→ **WHAT YOU WILL DO**
Give the data again in full. Keep every line the same.

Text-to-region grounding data
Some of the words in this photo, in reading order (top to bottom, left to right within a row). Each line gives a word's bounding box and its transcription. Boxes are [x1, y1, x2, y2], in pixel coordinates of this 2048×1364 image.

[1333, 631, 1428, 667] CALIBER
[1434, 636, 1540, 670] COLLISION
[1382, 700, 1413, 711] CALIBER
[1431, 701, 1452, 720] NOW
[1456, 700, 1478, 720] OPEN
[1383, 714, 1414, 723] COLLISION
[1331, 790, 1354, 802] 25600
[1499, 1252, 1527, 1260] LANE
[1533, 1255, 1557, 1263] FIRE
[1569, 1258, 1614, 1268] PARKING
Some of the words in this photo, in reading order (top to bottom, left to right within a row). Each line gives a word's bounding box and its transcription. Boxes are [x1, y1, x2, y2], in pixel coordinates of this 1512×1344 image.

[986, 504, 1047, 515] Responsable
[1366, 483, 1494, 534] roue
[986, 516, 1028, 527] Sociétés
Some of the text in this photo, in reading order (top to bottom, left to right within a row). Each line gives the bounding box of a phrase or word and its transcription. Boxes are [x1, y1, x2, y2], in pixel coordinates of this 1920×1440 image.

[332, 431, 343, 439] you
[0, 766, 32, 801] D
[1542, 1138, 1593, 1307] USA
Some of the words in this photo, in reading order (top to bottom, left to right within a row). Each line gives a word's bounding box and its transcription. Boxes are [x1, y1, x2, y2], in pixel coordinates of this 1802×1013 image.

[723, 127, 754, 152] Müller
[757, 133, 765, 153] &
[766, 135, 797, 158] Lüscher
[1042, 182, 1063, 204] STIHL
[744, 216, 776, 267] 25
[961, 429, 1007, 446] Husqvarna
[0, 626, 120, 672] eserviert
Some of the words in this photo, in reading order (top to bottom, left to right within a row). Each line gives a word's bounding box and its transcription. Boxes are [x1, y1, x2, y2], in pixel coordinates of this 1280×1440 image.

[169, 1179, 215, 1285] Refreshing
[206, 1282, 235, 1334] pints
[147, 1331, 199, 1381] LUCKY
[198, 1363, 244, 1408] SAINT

→ **REPLY**
Some of the words in this photo, in reading order (top to bottom, left to right within a row). Each line gives a word's bounding box and its transcription. Boxes are [x1, y1, x2, y2], in pixel coordinates of this 2048×1364 image.

[1333, 631, 1428, 667] CALIBER
[1434, 636, 1540, 670] COLLISION
[1382, 700, 1413, 711] CALIBER
[1431, 701, 1452, 720] NOW
[1456, 700, 1478, 720] OPEN
[1383, 714, 1414, 723] COLLISION
[1331, 790, 1354, 802] 25600
[1499, 1252, 1527, 1260] LANE
[1533, 1255, 1557, 1263] FIRE
[1569, 1258, 1614, 1268] PARKING
Some of the words in this photo, in reading order (top to bottom, left to right within a row). Each line gives a word's bounding box and its transcription. Boxes are [x1, y1, x2, y2], in pixel coordinates of this 1512×1344 image.

[986, 504, 1047, 515] Responsable
[1366, 483, 1494, 534] roue
[986, 516, 1028, 527] Sociétés
Some of the text in this photo, in reading order (top to bottom, left to right within a row). Each line gives the bounding box of a phrase or word and its transcription. Boxes are [x1, y1, x2, y2], in pixel coordinates of this 1920×1440 image.

[332, 431, 343, 439] you
[0, 766, 32, 801] D
[1542, 1138, 1593, 1307] USA
Some of the words in this photo, in reading order (top to bottom, left to right within a row). Each line gives a word's bounding box and its transcription. Boxes are [x1, y1, x2, y2], in pixel coordinates of this 1802×1013 image.

[723, 127, 754, 152] Müller
[757, 133, 765, 153] &
[766, 135, 797, 158] Lüscher
[1042, 182, 1063, 204] STIHL
[744, 216, 776, 267] 25
[961, 429, 1007, 446] Husqvarna
[0, 626, 120, 672] eserviert
Some of the words in this photo, in reading order (top to bottom, left to right within a row). Each line gives a word's bounding box and its transcription. Boxes are [x1, y1, x2, y2], in pixel coordinates of this 1280×1440 image.

[169, 1179, 215, 1285] Refreshing
[206, 1282, 235, 1334] pints
[147, 1331, 199, 1381] LUCKY
[198, 1363, 244, 1408] SAINT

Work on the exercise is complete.